Seeking Expedition – The applicable principles

What has happened?

In civil enforcement proceedings (Marshall Rural v Basscave [2017] NSWLEC 84), in which the Applicant (Marshall Rural Pty Ltd) claimed that certain development was carried out by the Defendant (Basscave Pty Ltd) without consent (or was prohibited) under the Environmental Planning and Assessment Act 1979, the NSW Land and Environment Court has refused to accede to the Applicant’s request for an expedited hearing.

In a judgment handed down on 17 July 2017, the Court has set out its reasons for refusing the application and provided a useful reminder of the approach that will be adopted, and the factors that will be considered, in determining an application for expedition.

Findings by the Court

Put simply, the Court (at [20]) held that the factors to be considered are those set out by Justice Young in Greetings Oxford Koala Hotel Pty Ltd v Oxford Square Investments Pty Ltd which include:

“(2) Is there a special factor involved which warrants expedition. Usually these factors will be:

(a)    the loss of witnesses if the case is not fixed at an early date;

(b)    matters of public importance;

(c)    that the subject matter of the litigation will be lost if it is not heard quickly;

(d)    that the litigation to date has been delayed through no fault of the applicant;

(e)   that the applicant is suffering hardship not caused through his own fault;

(f)    that there is self-induced hardship (including those cases where corporate bodies fix a meeting date in the near future and then expect the Court to displace all other matters to hear their dispute before that date);

(g)   the nature of the case (for example, ejectment, child custody); and

(h)   that there are large sums of money involved.
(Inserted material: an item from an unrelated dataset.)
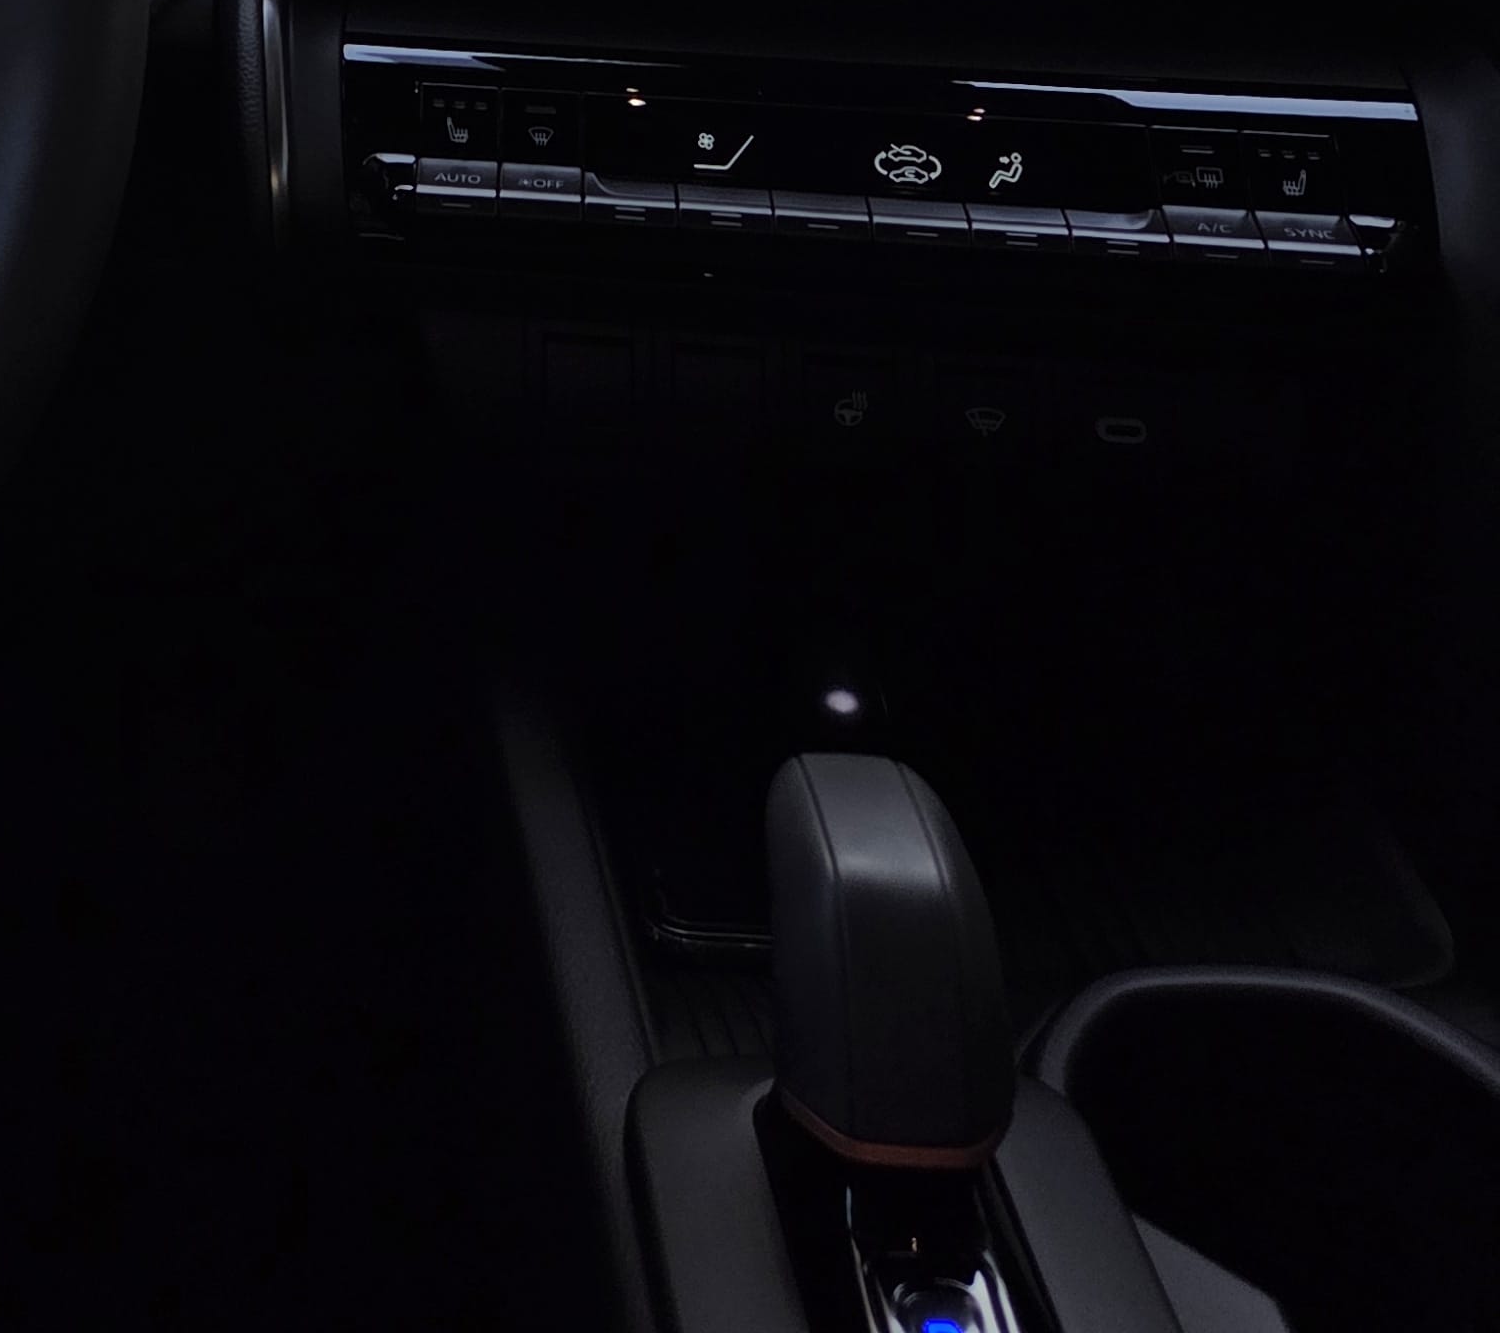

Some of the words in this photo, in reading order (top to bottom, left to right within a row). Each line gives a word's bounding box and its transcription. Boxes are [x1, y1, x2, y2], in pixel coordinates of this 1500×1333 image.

[434, 172, 481, 185] AUTO
[532, 178, 564, 189] OFF
[1197, 222, 1233, 234] A/C
[1284, 227, 1336, 240] SYNC
(3)    Have the parties proceeded up to the date of the hearing of the motion for expedition with due speed?

(4)    Are the parties willing if expedition is granted to do all in their power to abridge the hearing time …”
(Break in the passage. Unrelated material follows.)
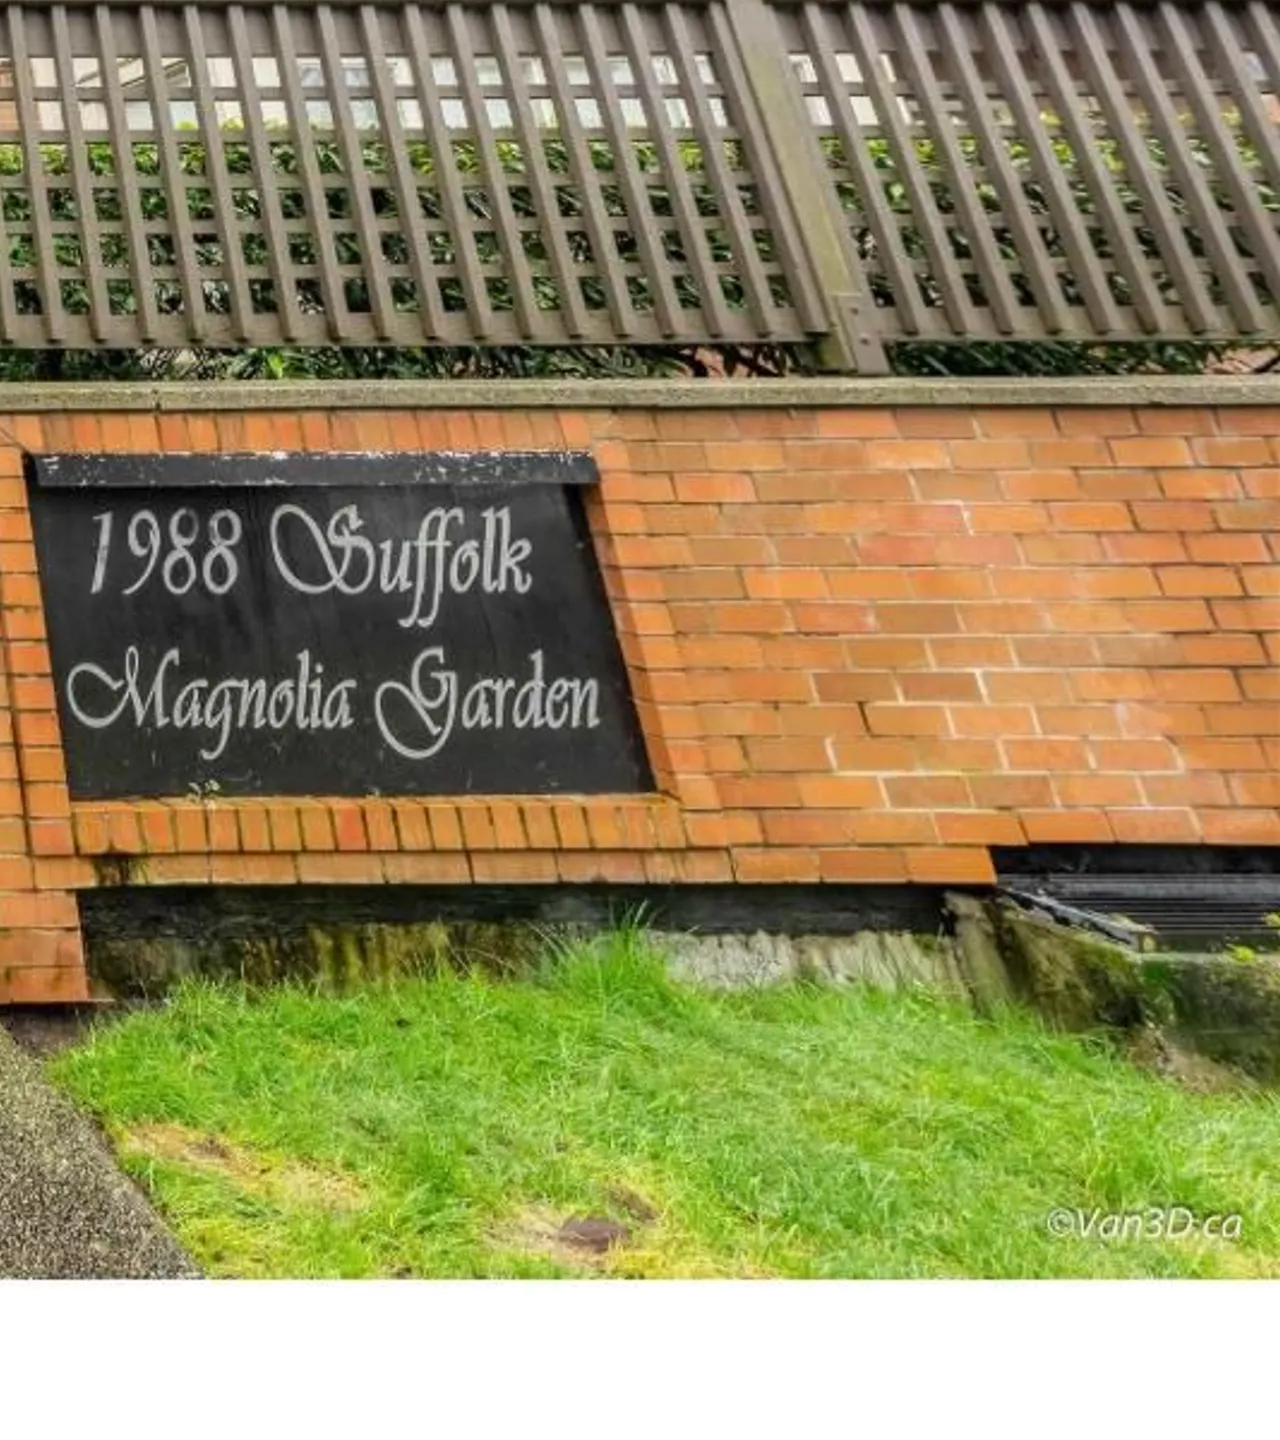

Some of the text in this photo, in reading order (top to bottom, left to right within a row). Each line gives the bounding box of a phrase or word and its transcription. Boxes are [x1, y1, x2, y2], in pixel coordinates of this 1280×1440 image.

In this case, the Court methodically considered whether each of the above factors applied in the present case and concluded that none of them did. On that basis, the Court refused the application for expedition.


This case provides a useful reminder of the factors that will be considered by a Court in an application for expedition.

Seeking an expedited hearing can, in the right circumstances, help mitigate the costs of delay that might otherwise be suffered by a party because of litigation.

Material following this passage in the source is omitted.